E’ stato importante – dice Minniti – che due giorni fa Giorgia Meloni, la leader di un grande paese europeo, abbia incentrato sull’Africa il suo ragionamento all’Assemblea generale delle Nazioni unite, ma la possibilità che l’Onu abbia davvero un ruolo nella gestione dei flussi migratori ha un contorno preciso: è l’Europa che deve agire per prima”.  L’esecutivo ci sta provando. Meloni ha portato la presidente della commissione Ue Ursula von der Leyen a Lampedusa. “E’ stata una scelta corretta – dice l’ex ministro –, ma temo che quella visita e i suoi dieci punti non siano sufficienti. L’Italia ha una missione storico-politica che è quella di fare da apripista per un nuovo rapporto tra l’Europa e l’Africa. In questo disordinatissimo mondo multipolare, che dopo l’imperdonabile invasione russa dell’Ucraina fatica a trovare un nuovo ordine, questo è il compito del nostro paese”. Secondo Minniti serve subito un fondo da 1,5 miliardi per l’ultima parte del 2023, a cui sommare un adeguato finanziamento per il 2024.  “Tutto questo – dice – va fatto subito, prima che la campagna elettorale per le europee, che è già cominciata, entri nel vivo rendendo impossibile qualunque decisione”.


Mentre parla sullo schermo del suo pc scorrono i dispacci delle agenzie: la Corte di giustizia dell’Unione europea boccia i respingimenti dei migranti francesi alle frontiere con l’Italia, mentre a Catania il presidente della Repubblica Sergio Mattarella insieme al suo omologo tedesco Frank-Walter Steinmeier rilancia la necessità di dare una risposta europea alla crisi. Segnali contraddittori. Mattarella parla di “fenomeno epocale, che va governato in Europa con una visione del futuro coraggiosa e nuova”. “Sono parole sagge – commenta Minniti – e vanno nella direzione del ragionamento che stavamo facendo: noi li chiamiamo flussi migratori, ma la verità è che c’è uno squilibrio tra un’Europa in grave recessione demografica e un’Africa che cresce veloce, le migrazioni sono una conseguenza inevitabile che nessun muro (o blocco navale) potrà fermare. Una questione epocale va affrontata con visione e strategia, qualsiasi prospettiva particolare è destinata a soccombere, come scriveva Sun Tzu secoli fa ‘una stategia senza tattica è la strada più lunga per la vittoria, mentre una tattica senza strategia è solo il rumore di fondo di una sconfitta che sta per arrivare”. Come fare, dunque? “Un piano europeo per l’Africa – prosegue l’ex ministro – è lo strumento intermedio per arrivare al vero obiettivo: un patto per l’immigrazione legale da quel continente all’Europa con tre protagonisti: la Ue, l’Unione africana e l’Onu come garante del rispetto dei diritti umani. All’interno di questa cornice i singoli paesi potranno contrarre con gli stati africani accordi bilaterali per fissare i numeri di migranti da accogliere, per questo in Italia è essenziale superare la Bossi-Fini. Accanto a questo, si potrà agire con il consenso di quegli stati con operazioni di polizia internazionale per contrastare i trafficanti. Inoltre, gli accordi garantiranno il rimpatrio effettivo di chi arriva irregolarmente”.

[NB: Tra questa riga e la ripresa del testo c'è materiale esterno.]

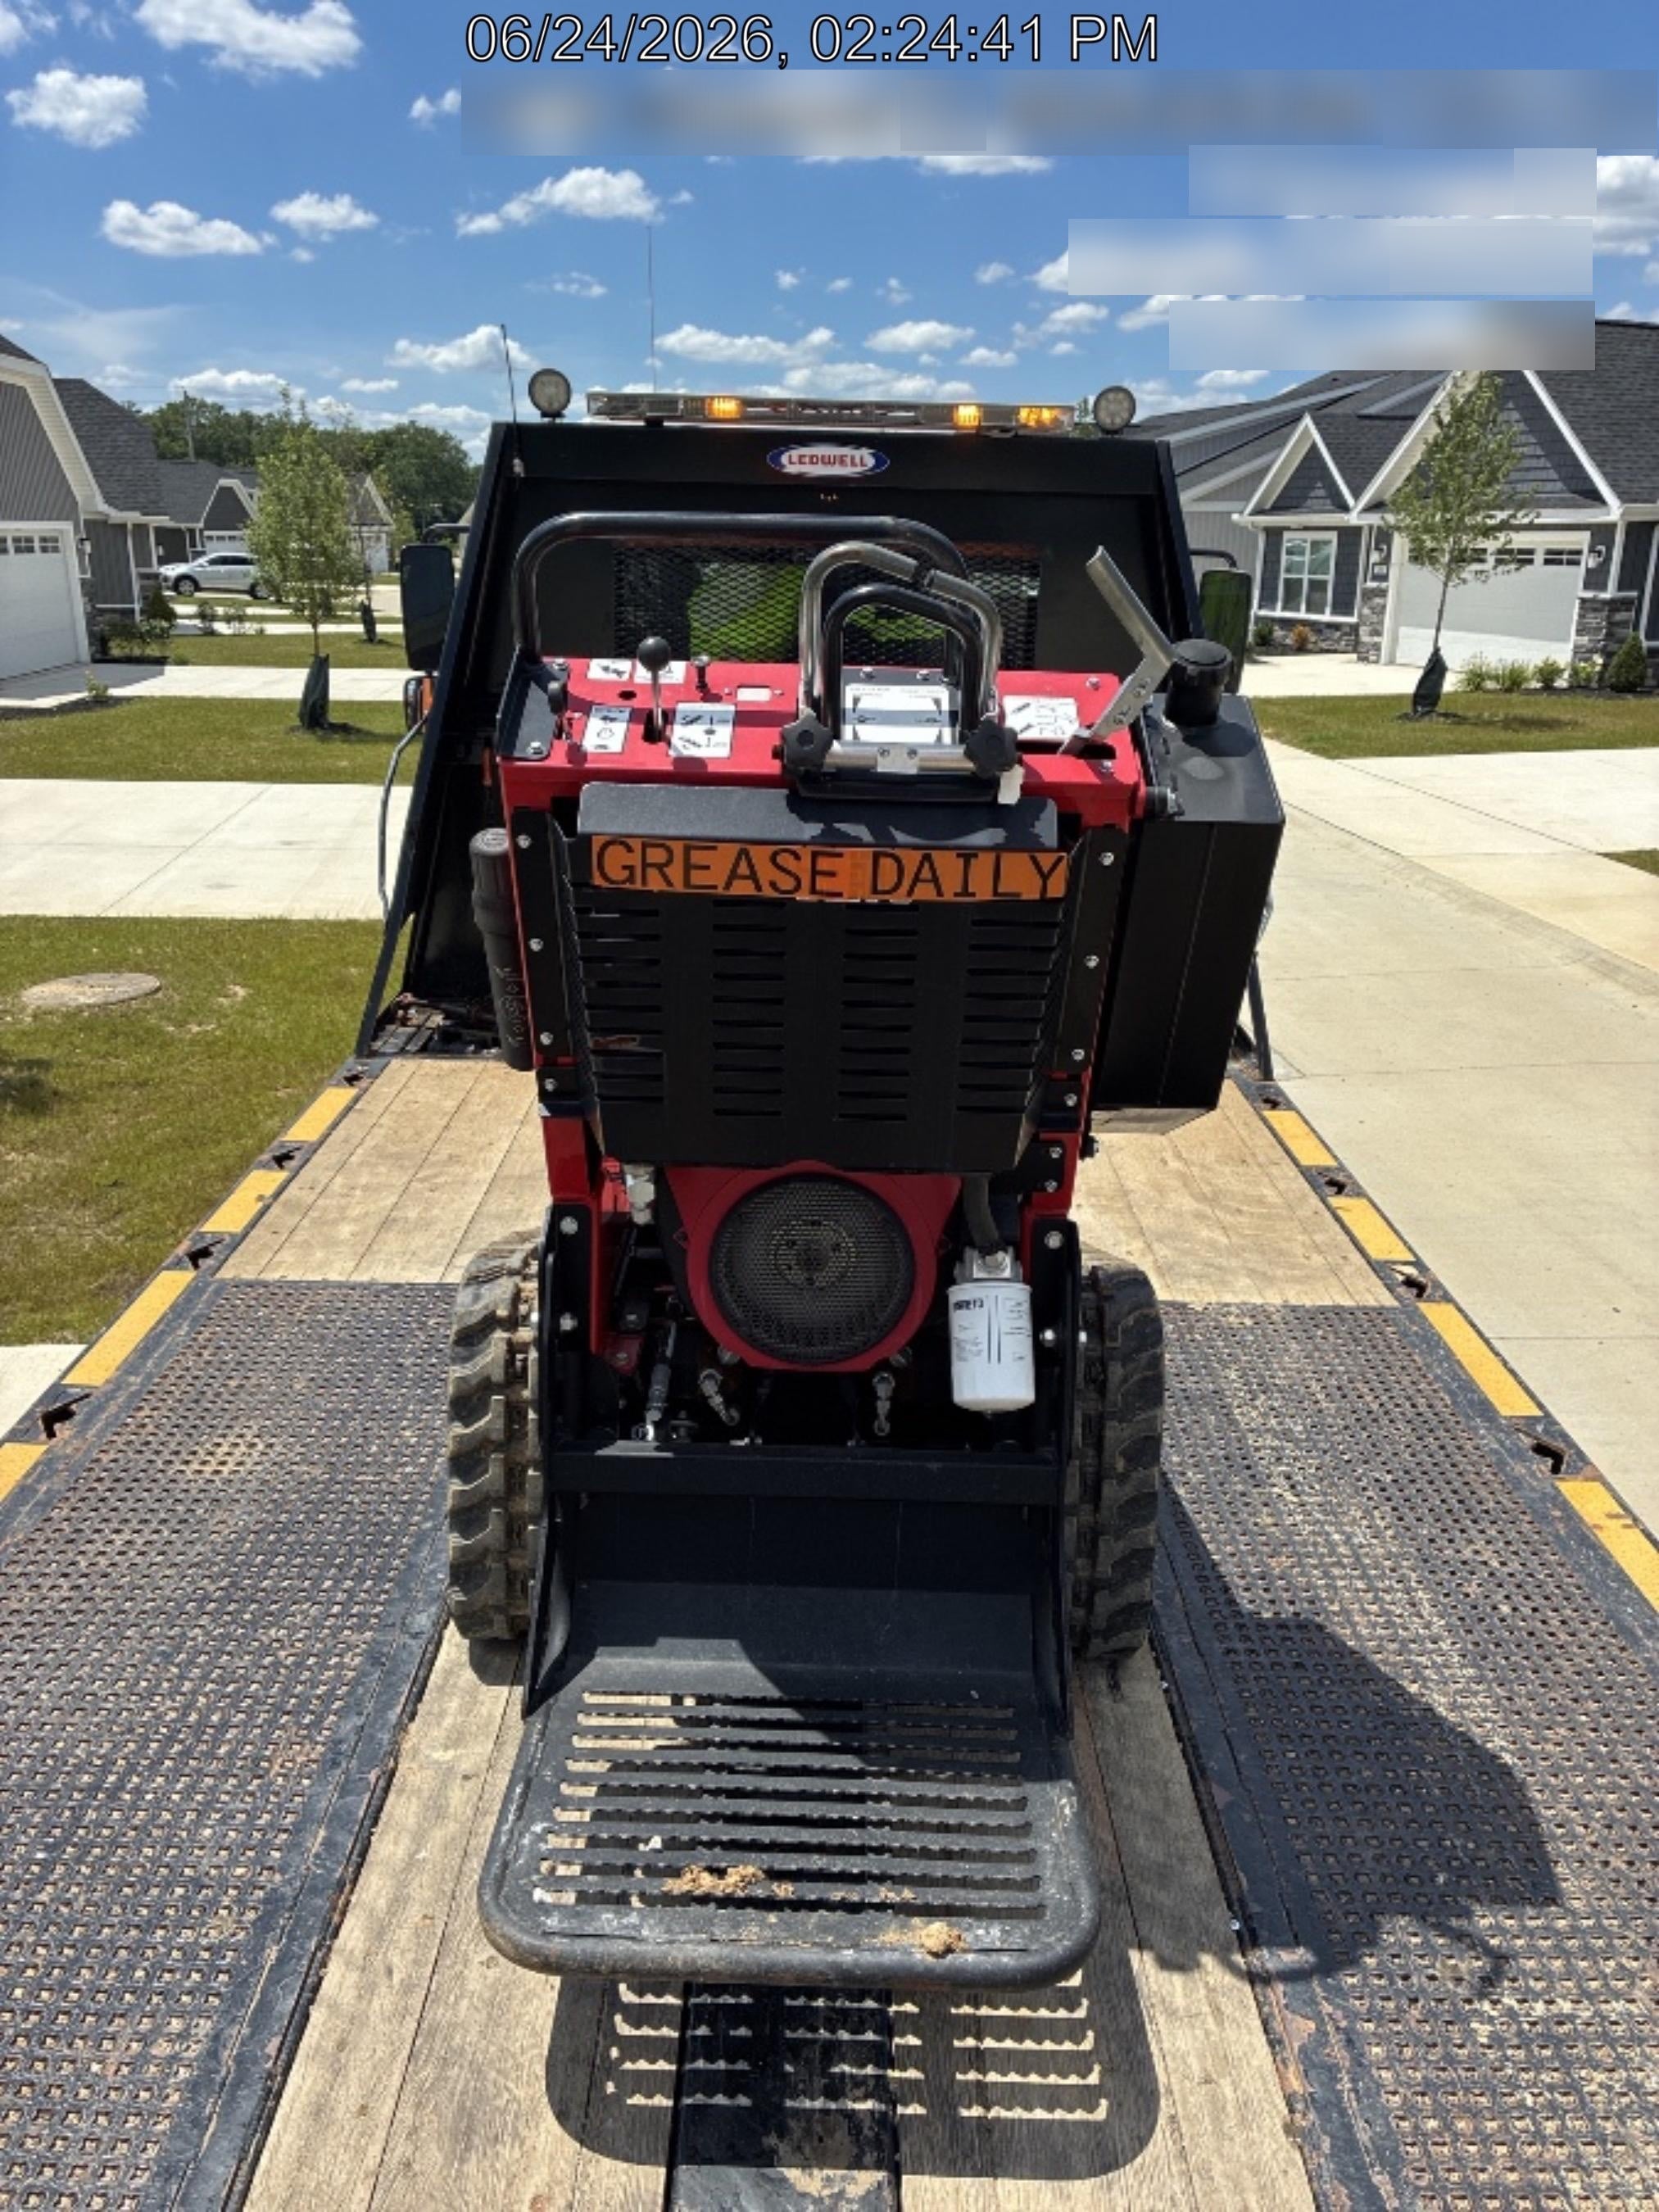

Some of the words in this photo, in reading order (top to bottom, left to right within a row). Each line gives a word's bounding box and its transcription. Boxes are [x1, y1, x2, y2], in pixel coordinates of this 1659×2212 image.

Intanto però proprio sui rimpatri Meloni studia il premier inglese Rishi Sunak che vuole mandare chi arriva in modo irregolare in Regno Unito in Ruanda. “Sunak non è un esempio da seguire”, dice Minniti. “Sarà punito dagli inglesi che all’80 per cento bocciano la sua strategia sull’immigrazione, la sua è un’idea sbagliata, un traffico di esseri umani al contrario, che porterebbe le persone in un paese che per di più non è il loro”. In Italia invece si prevedono nuovi centri per il rimpatrio degli irregolari e tempi più lunghi di detenzione, fino a 18 mesi, dentro queste strutture. Anche questa scelta non convince l’ex ministro. “Meloni – ricorda – ha detto giustamente che non vuole che l’Italia diventi l’hotspot dell’Europa, ma con una scelta del genere, per una paradossale eterogenesi dei fini, rischia di fare proprio questo: l’unico modo per risolvere la questione degli irregolari è velocizzare i rimpatri, per farlo la strada è quella complicata, ma inevitabile degli accordi con gli stati africani”.